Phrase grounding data
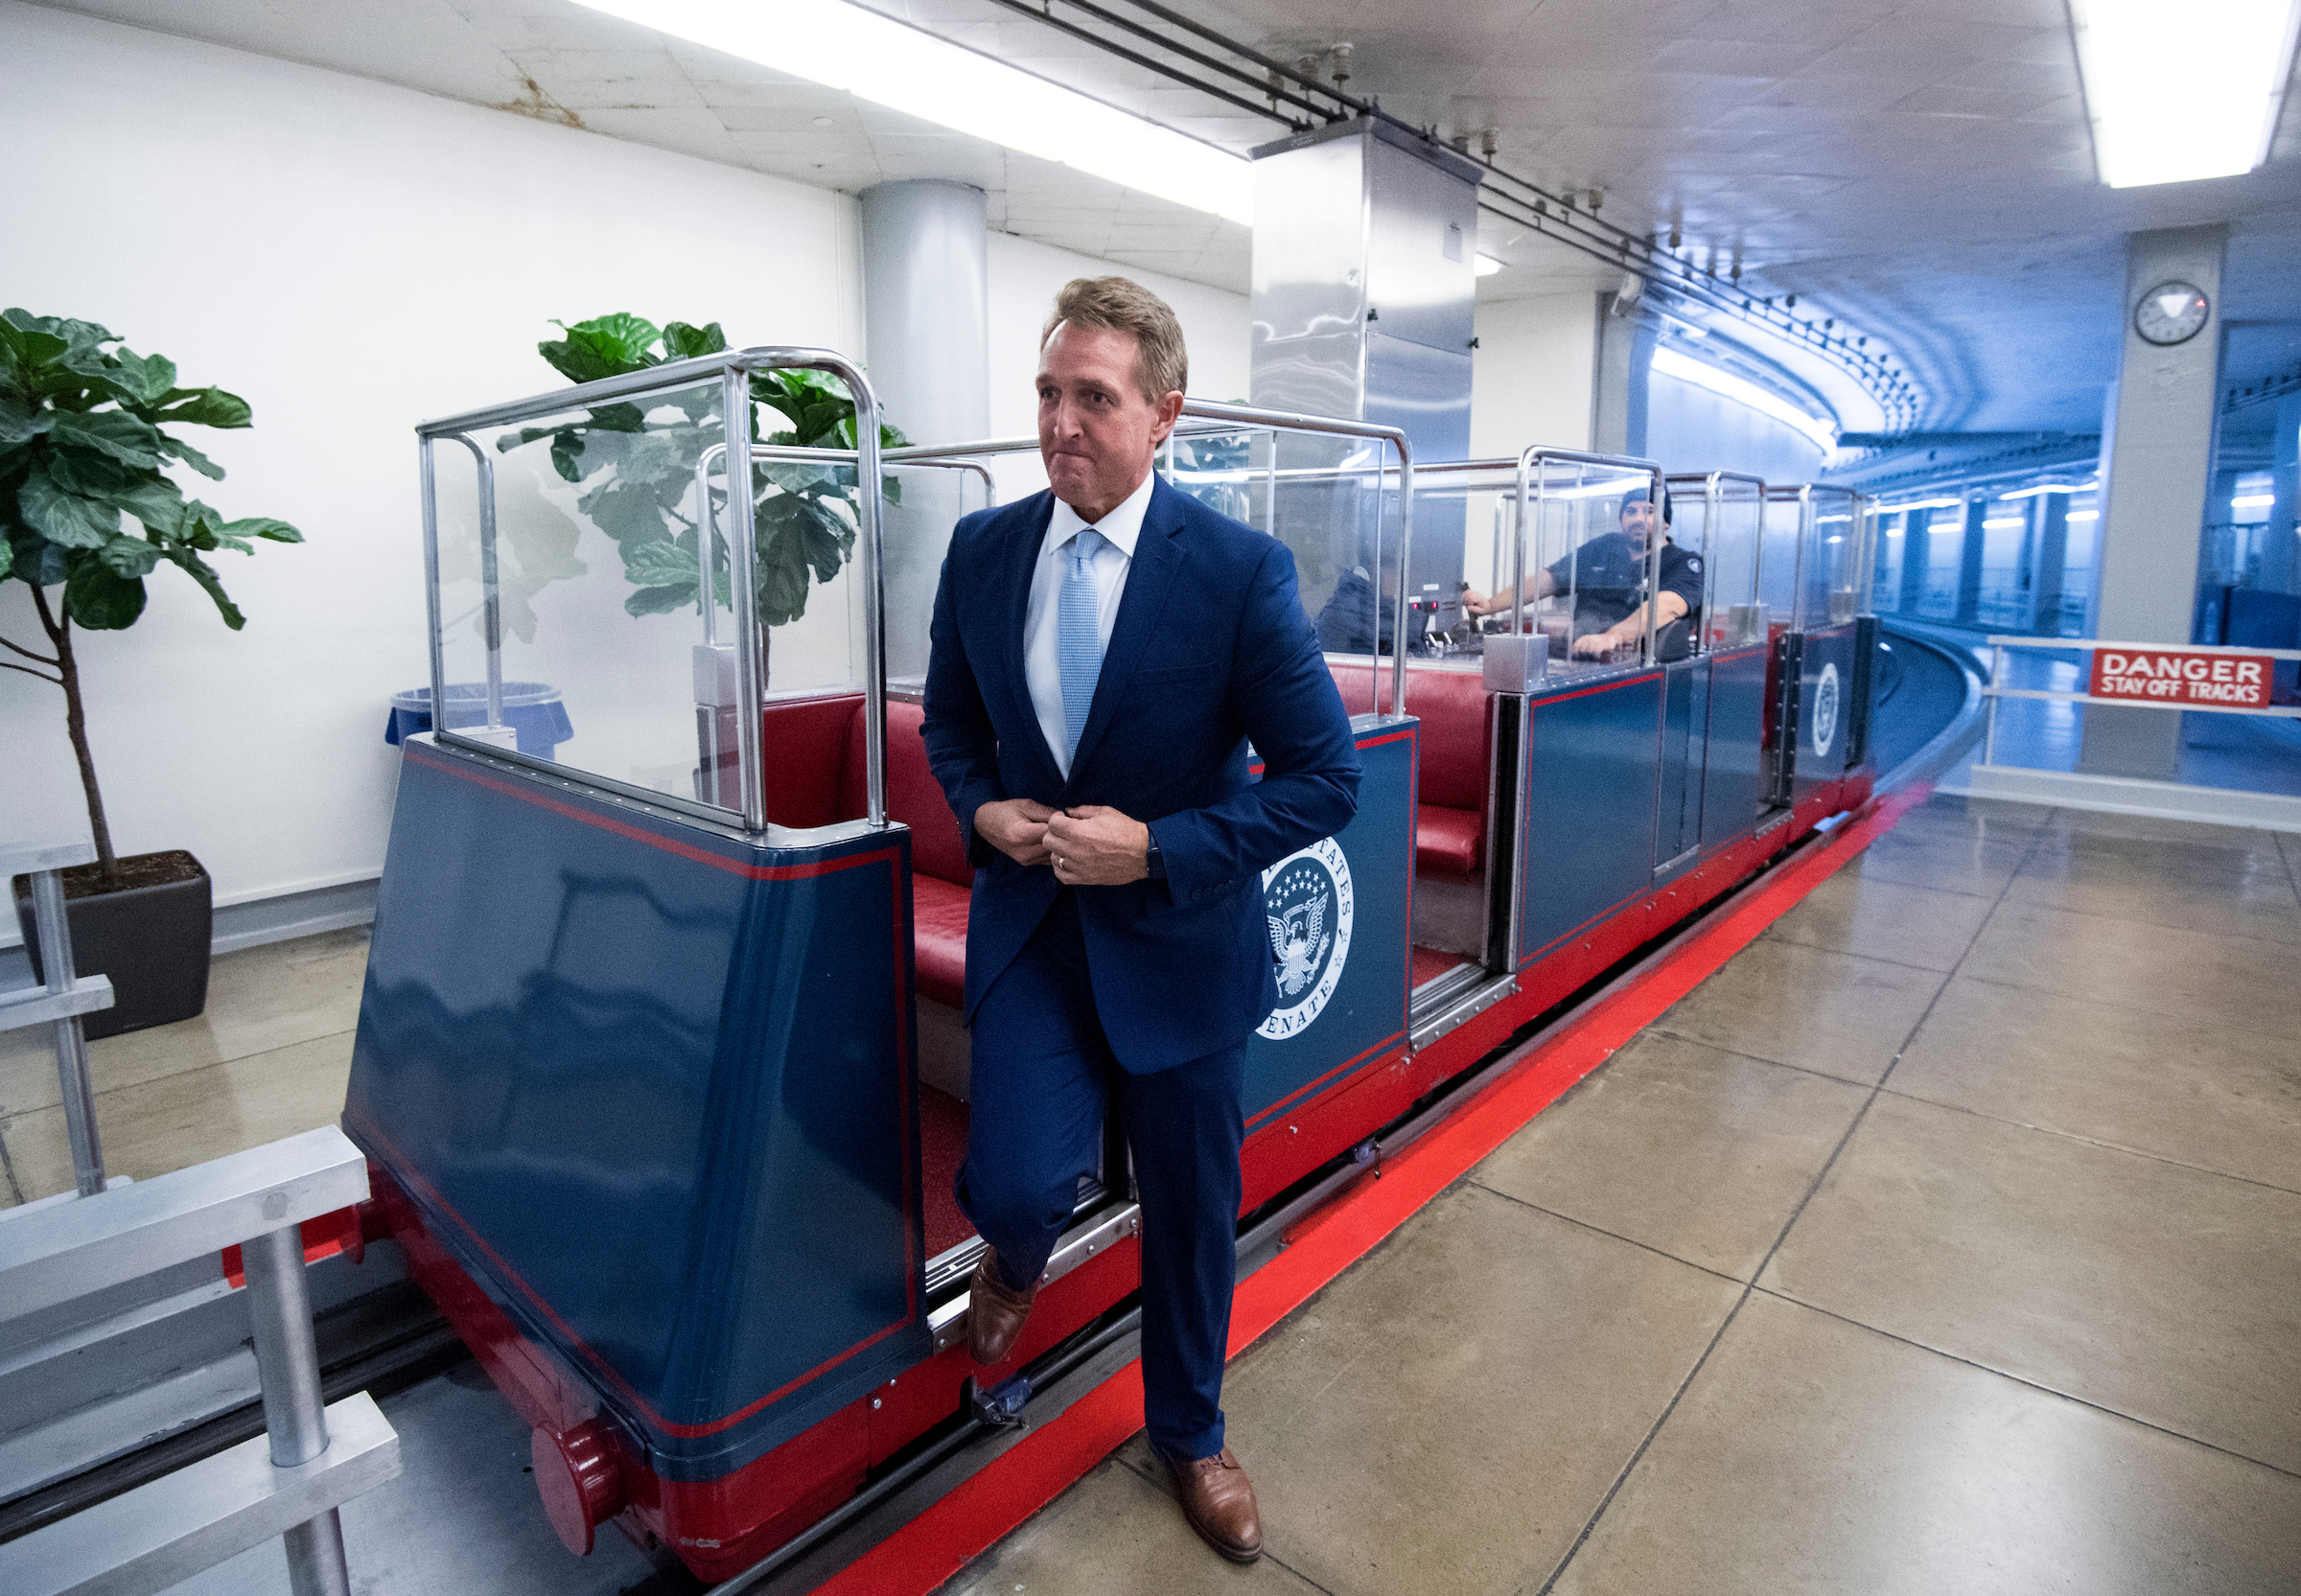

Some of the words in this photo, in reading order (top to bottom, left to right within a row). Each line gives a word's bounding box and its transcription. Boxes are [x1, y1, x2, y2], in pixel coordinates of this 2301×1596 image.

[2102, 654, 2263, 684] DANGER
[2100, 676, 2147, 694] STAY
[2147, 680, 2183, 697] OFF
[2187, 682, 2261, 703] TRACKS
[1266, 980, 1332, 1034] ENATE

■ **What the task asks**
Return the lines of the data above in full and exactly, with no pictures.

■ **Result of the task**
Some of the words in this photo, in reading order (top to bottom, left to right within a row). Each line gives a word's bounding box and its transcription. Boxes are [x1, y1, x2, y2], in pixel coordinates of this 2301×1596 image.

[2102, 654, 2263, 684] DANGER
[2100, 676, 2147, 694] STAY
[2147, 680, 2183, 697] OFF
[2187, 682, 2261, 703] TRACKS
[1266, 980, 1332, 1034] ENATE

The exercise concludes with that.